_WHAT YOU ARE ASKED TO DO:_ Make an exact copy of every entry, leaving the pictures out.

[Referring expression grounding data]

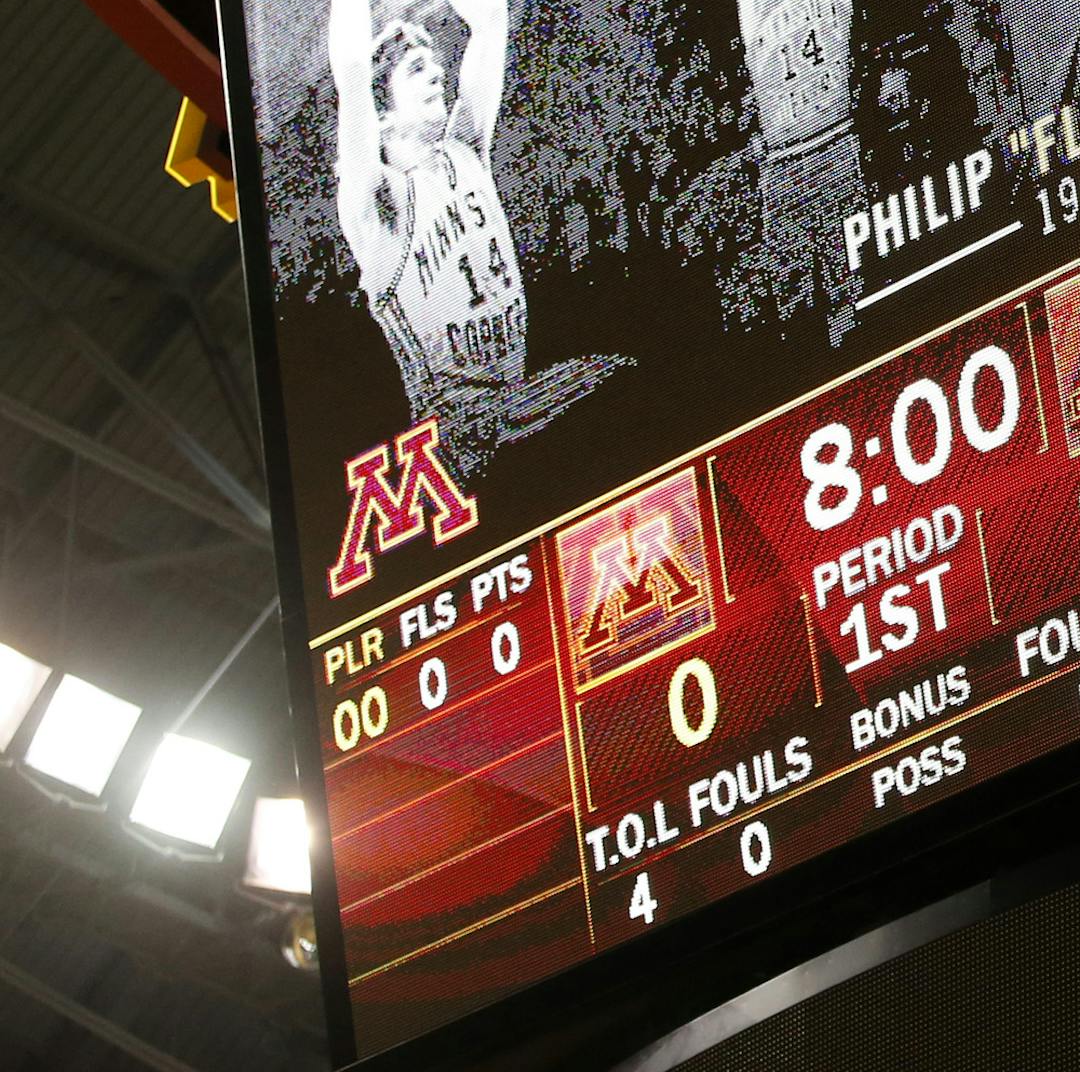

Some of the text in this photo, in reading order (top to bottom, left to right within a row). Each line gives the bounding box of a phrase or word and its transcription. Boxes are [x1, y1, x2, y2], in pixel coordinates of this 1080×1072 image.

[843, 148, 994, 272] PHILIP
[800, 344, 1020, 532] 8:00
[812, 503, 965, 611] PERIOD
[324, 554, 533, 685] PLR FLS PTS
[838, 562, 952, 674] 1ST
[332, 620, 521, 752] 00 0 0
[667, 657, 720, 748] 0
[850, 666, 971, 751] BONUS
[584, 736, 814, 872] T.O.L FOULS
[872, 735, 967, 808] POSS
[628, 820, 774, 926] 4 0

_SOLUTION TO THE PROBLEM:_
Some of the text in this photo, in reading order (top to bottom, left to right within a row). Each line gives the bounding box of a phrase or word and its transcription. Boxes are [x1, y1, x2, y2], in pixel coordinates of this 1080×1072 image.

[843, 148, 994, 272] PHILIP
[800, 344, 1020, 532] 8:00
[812, 503, 965, 611] PERIOD
[324, 554, 533, 685] PLR FLS PTS
[838, 562, 952, 674] 1ST
[332, 620, 521, 752] 00 0 0
[667, 657, 720, 748] 0
[850, 666, 971, 751] BONUS
[584, 736, 814, 872] T.O.L FOULS
[872, 735, 967, 808] POSS
[628, 820, 774, 926] 4 0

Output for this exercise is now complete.